Stored dataset items
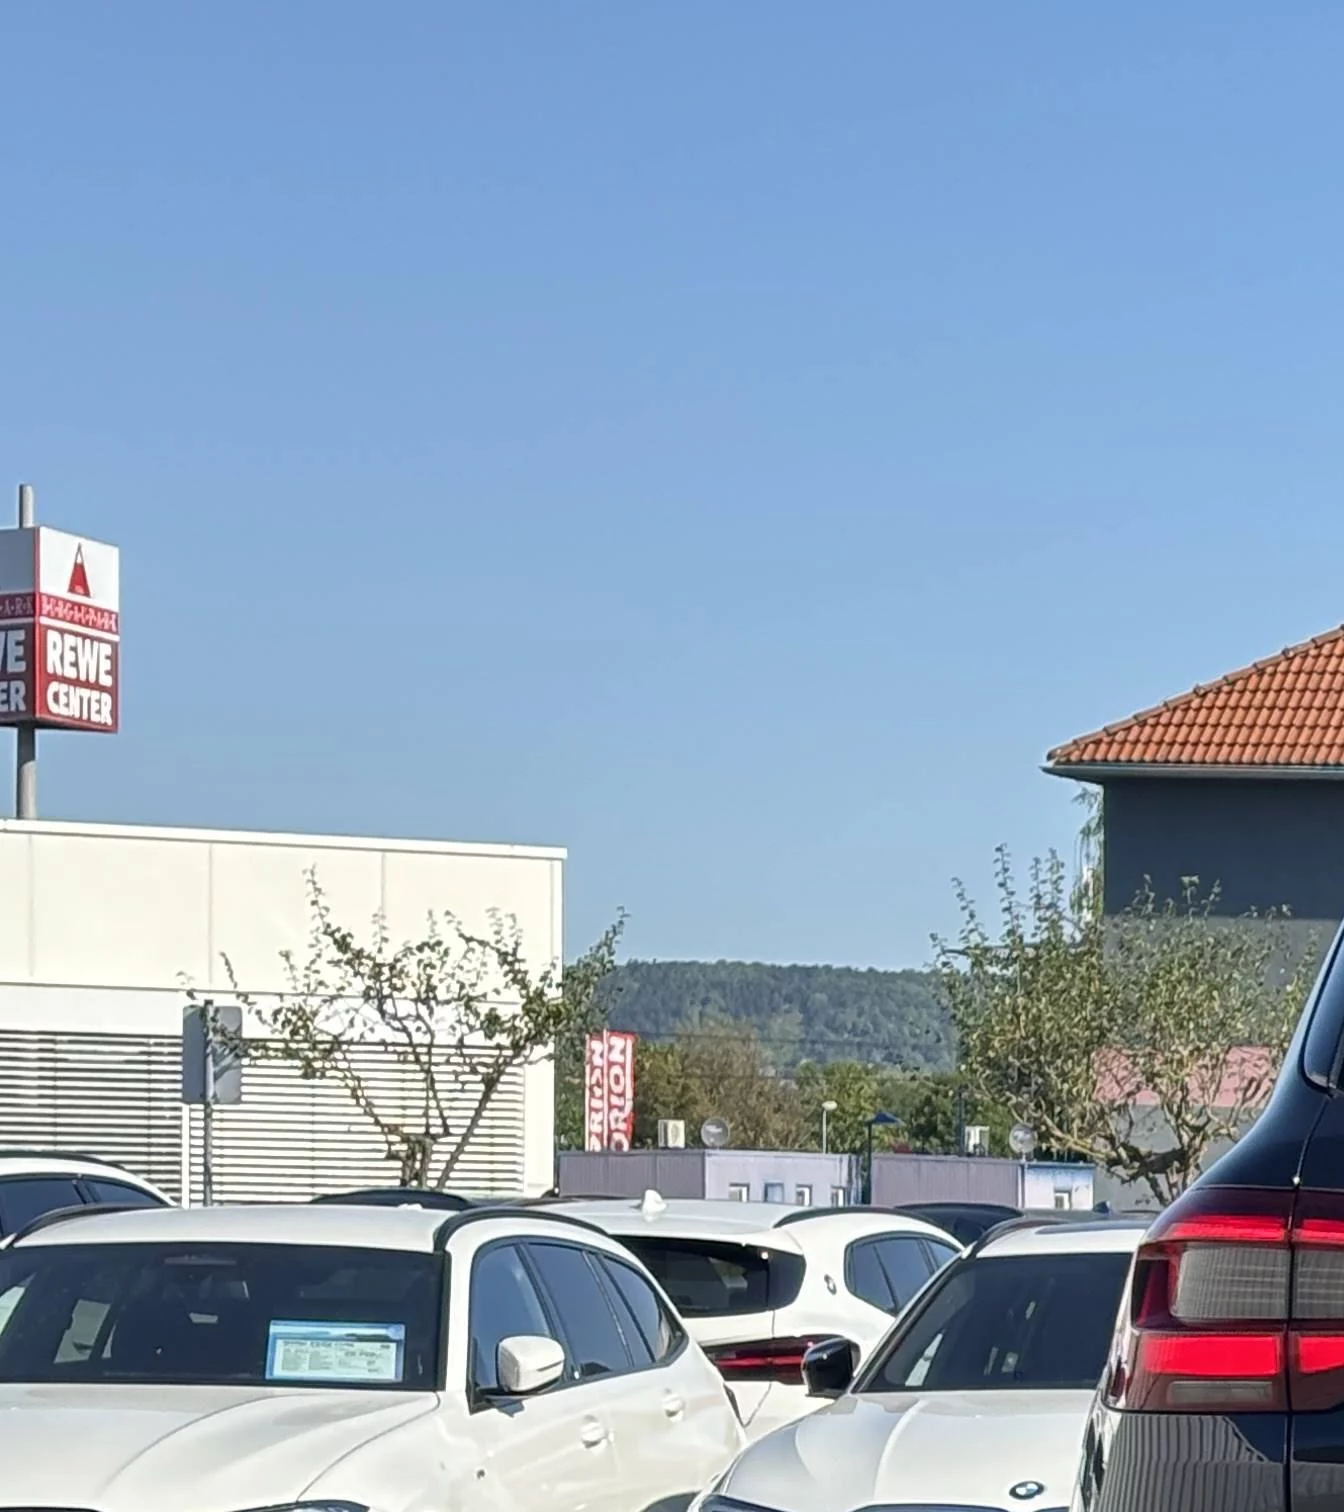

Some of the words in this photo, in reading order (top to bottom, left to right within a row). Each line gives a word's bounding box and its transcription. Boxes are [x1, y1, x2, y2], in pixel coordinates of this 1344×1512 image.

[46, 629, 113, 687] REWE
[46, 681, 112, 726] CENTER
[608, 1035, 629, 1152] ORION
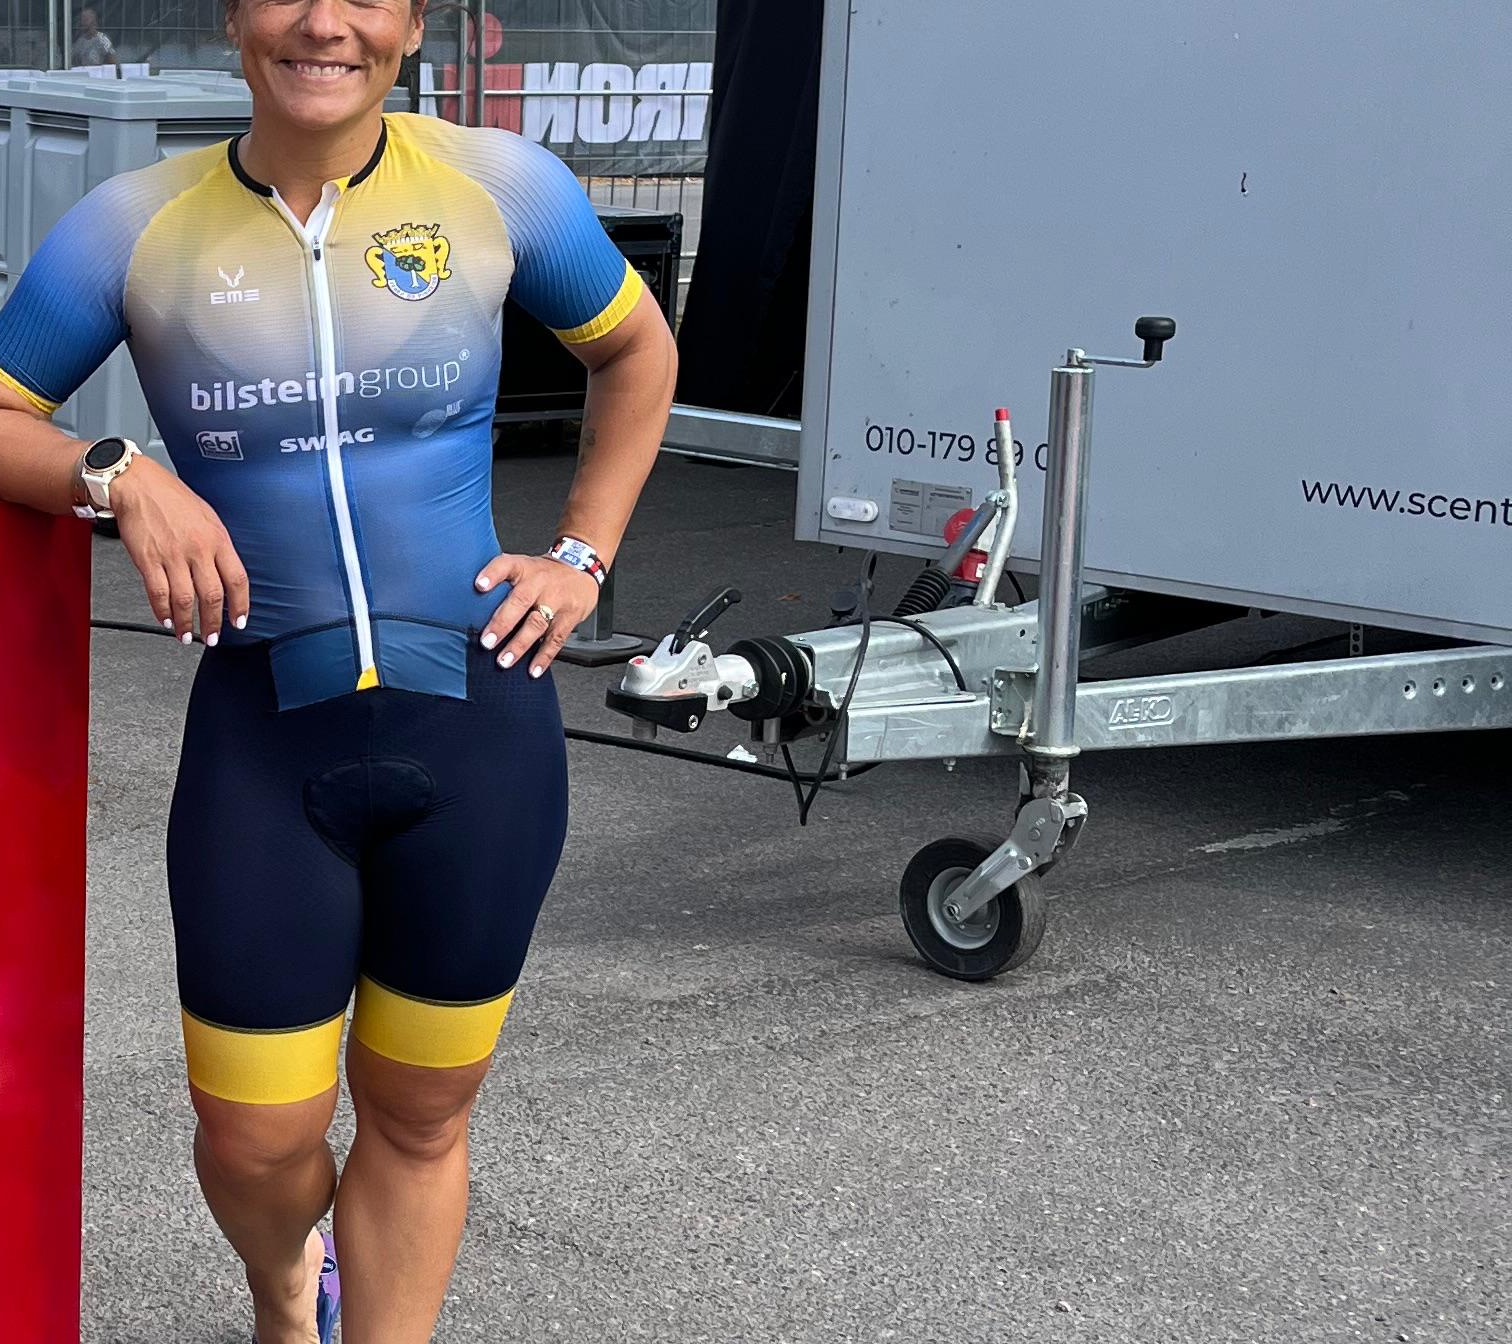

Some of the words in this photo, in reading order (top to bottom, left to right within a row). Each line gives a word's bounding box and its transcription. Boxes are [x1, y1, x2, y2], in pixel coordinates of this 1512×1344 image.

• **Action item**
One exact copy of the data, no pictures: write it out line for line.

• **Response box**
Some of the words in this photo, in reading order (top to bottom, left to right within a row). Each line gives a word's bounding box and its transcription. Boxes are [x1, y1, x2, y2], in pixel coordinates of this 1344×1512 image.

[46, 629, 113, 687] REWE
[46, 681, 112, 726] CENTER
[608, 1035, 629, 1152] ORION

Some of the words in this photo, in reading order (top to bottom, left to right within a row). Each line gives a word's bounding box and its transcription. Boxes are [x1, y1, x2, y2], in pixel coordinates of this 1512×1344 image.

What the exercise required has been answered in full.